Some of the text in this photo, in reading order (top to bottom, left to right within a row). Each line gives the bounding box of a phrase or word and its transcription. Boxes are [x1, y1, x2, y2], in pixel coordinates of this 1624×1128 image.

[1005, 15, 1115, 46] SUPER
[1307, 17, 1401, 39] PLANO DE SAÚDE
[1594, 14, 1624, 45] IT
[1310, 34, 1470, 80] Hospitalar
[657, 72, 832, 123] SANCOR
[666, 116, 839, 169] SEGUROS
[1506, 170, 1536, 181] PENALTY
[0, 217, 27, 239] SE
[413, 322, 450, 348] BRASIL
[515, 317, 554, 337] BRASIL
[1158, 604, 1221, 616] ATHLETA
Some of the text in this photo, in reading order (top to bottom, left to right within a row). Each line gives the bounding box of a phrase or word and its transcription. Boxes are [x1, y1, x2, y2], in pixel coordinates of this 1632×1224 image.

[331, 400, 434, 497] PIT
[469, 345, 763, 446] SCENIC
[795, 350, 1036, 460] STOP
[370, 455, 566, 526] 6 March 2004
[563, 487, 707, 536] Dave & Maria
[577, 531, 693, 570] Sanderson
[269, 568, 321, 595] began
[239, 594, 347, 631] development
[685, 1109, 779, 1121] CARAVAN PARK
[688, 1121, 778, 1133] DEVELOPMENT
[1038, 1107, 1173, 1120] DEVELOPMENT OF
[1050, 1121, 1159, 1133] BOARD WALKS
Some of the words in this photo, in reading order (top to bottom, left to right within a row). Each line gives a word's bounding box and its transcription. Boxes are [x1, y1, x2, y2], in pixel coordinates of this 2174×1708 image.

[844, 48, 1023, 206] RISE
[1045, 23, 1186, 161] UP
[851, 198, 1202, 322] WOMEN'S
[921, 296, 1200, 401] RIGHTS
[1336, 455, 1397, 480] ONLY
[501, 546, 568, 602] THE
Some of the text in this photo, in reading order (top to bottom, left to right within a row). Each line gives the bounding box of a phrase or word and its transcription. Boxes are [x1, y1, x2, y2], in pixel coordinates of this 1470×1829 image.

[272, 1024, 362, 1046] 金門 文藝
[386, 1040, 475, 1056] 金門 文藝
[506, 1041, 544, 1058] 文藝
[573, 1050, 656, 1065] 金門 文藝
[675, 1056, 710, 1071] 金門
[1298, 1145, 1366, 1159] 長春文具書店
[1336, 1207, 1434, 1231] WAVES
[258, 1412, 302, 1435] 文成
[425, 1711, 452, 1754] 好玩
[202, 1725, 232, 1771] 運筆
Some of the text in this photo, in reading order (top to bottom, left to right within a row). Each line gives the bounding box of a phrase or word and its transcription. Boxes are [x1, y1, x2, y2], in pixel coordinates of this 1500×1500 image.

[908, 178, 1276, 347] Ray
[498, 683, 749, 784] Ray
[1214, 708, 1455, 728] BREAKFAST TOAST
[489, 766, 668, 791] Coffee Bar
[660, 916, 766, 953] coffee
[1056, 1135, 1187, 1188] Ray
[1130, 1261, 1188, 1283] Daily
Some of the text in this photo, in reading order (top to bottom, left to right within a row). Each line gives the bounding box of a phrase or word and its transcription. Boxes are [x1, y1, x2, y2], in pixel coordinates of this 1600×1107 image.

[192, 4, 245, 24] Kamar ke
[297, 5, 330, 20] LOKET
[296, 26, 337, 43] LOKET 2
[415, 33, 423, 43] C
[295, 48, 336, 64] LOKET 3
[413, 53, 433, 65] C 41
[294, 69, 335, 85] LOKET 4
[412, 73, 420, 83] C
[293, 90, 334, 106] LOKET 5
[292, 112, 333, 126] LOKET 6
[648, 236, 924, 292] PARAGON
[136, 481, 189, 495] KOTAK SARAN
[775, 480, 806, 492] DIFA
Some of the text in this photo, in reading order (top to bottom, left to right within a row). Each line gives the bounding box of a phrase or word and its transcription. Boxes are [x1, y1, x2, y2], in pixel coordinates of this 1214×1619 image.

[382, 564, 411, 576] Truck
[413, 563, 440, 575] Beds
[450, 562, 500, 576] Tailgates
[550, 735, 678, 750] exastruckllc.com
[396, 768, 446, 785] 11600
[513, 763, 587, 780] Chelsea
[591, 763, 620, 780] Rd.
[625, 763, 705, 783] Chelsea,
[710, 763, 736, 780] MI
----------
## [The problem]
Reproduce the whole of the records exactly, so that no line differs from the source above.

## [Reply to the task]
Some of the text in this photo, in reading order (top to bottom, left to right within a row). Each line gives the bounding box of a phrase or word and its transcription. Boxes are [x1, y1, x2, y2], in pixel coordinates of this 1624×1128 image.

[1005, 15, 1115, 46] SUPER
[1307, 17, 1401, 39] PLANO DE SAÚDE
[1594, 14, 1624, 45] IT
[1310, 34, 1470, 80] Hospitalar
[657, 72, 832, 123] SANCOR
[666, 116, 839, 169] SEGUROS
[1506, 170, 1536, 181] PENALTY
[0, 217, 27, 239] SE
[413, 322, 450, 348] BRASIL
[515, 317, 554, 337] BRASIL
[1158, 604, 1221, 616] ATHLETA
Some of the text in this photo, in reading order (top to bottom, left to right within a row). Each line gives the bounding box of a phrase or word and its transcription. Boxes are [x1, y1, x2, y2], in pixel coordinates of this 1632×1224 image.

[331, 400, 434, 497] PIT
[469, 345, 763, 446] SCENIC
[795, 350, 1036, 460] STOP
[370, 455, 566, 526] 6 March 2004
[563, 487, 707, 536] Dave & Maria
[577, 531, 693, 570] Sanderson
[269, 568, 321, 595] began
[239, 594, 347, 631] development
[685, 1109, 779, 1121] CARAVAN PARK
[688, 1121, 778, 1133] DEVELOPMENT
[1038, 1107, 1173, 1120] DEVELOPMENT OF
[1050, 1121, 1159, 1133] BOARD WALKS
Some of the words in this photo, in reading order (top to bottom, left to right within a row). Each line gives a word's bounding box and its transcription. Boxes are [x1, y1, x2, y2], in pixel coordinates of this 2174×1708 image.

[844, 48, 1023, 206] RISE
[1045, 23, 1186, 161] UP
[851, 198, 1202, 322] WOMEN'S
[921, 296, 1200, 401] RIGHTS
[1336, 455, 1397, 480] ONLY
[501, 546, 568, 602] THE
Some of the text in this photo, in reading order (top to bottom, left to right within a row). Each line gives the bounding box of a phrase or word and its transcription. Boxes are [x1, y1, x2, y2], in pixel coordinates of this 1470×1829 image.

[272, 1024, 362, 1046] 金門 文藝
[386, 1040, 475, 1056] 金門 文藝
[506, 1041, 544, 1058] 文藝
[573, 1050, 656, 1065] 金門 文藝
[675, 1056, 710, 1071] 金門
[1298, 1145, 1366, 1159] 長春文具書店
[1336, 1207, 1434, 1231] WAVES
[258, 1412, 302, 1435] 文成
[425, 1711, 452, 1754] 好玩
[202, 1725, 232, 1771] 運筆
Some of the text in this photo, in reading order (top to bottom, left to right within a row). Each line gives the bounding box of a phrase or word and its transcription. Boxes are [x1, y1, x2, y2], in pixel coordinates of this 1500×1500 image.

[908, 178, 1276, 347] Ray
[498, 683, 749, 784] Ray
[1214, 708, 1455, 728] BREAKFAST TOAST
[489, 766, 668, 791] Coffee Bar
[660, 916, 766, 953] coffee
[1056, 1135, 1187, 1188] Ray
[1130, 1261, 1188, 1283] Daily
Some of the text in this photo, in reading order (top to bottom, left to right within a row). Each line gives the bounding box of a phrase or word and its transcription. Boxes are [x1, y1, x2, y2], in pixel coordinates of this 1600×1107 image.

[192, 4, 245, 24] Kamar ke
[297, 5, 330, 20] LOKET
[296, 26, 337, 43] LOKET 2
[415, 33, 423, 43] C
[295, 48, 336, 64] LOKET 3
[413, 53, 433, 65] C 41
[294, 69, 335, 85] LOKET 4
[412, 73, 420, 83] C
[293, 90, 334, 106] LOKET 5
[292, 112, 333, 126] LOKET 6
[648, 236, 924, 292] PARAGON
[136, 481, 189, 495] KOTAK SARAN
[775, 480, 806, 492] DIFA
Some of the text in this photo, in reading order (top to bottom, left to right within a row). Each line gives the bounding box of a phrase or word and its transcription. Boxes are [x1, y1, x2, y2], in pixel coordinates of this 1214×1619 image.

[382, 564, 411, 576] Truck
[413, 563, 440, 575] Beds
[450, 562, 500, 576] Tailgates
[550, 735, 678, 750] exastruckllc.com
[396, 768, 446, 785] 11600
[513, 763, 587, 780] Chelsea
[591, 763, 620, 780] Rd.
[625, 763, 705, 783] Chelsea,
[710, 763, 736, 780] MI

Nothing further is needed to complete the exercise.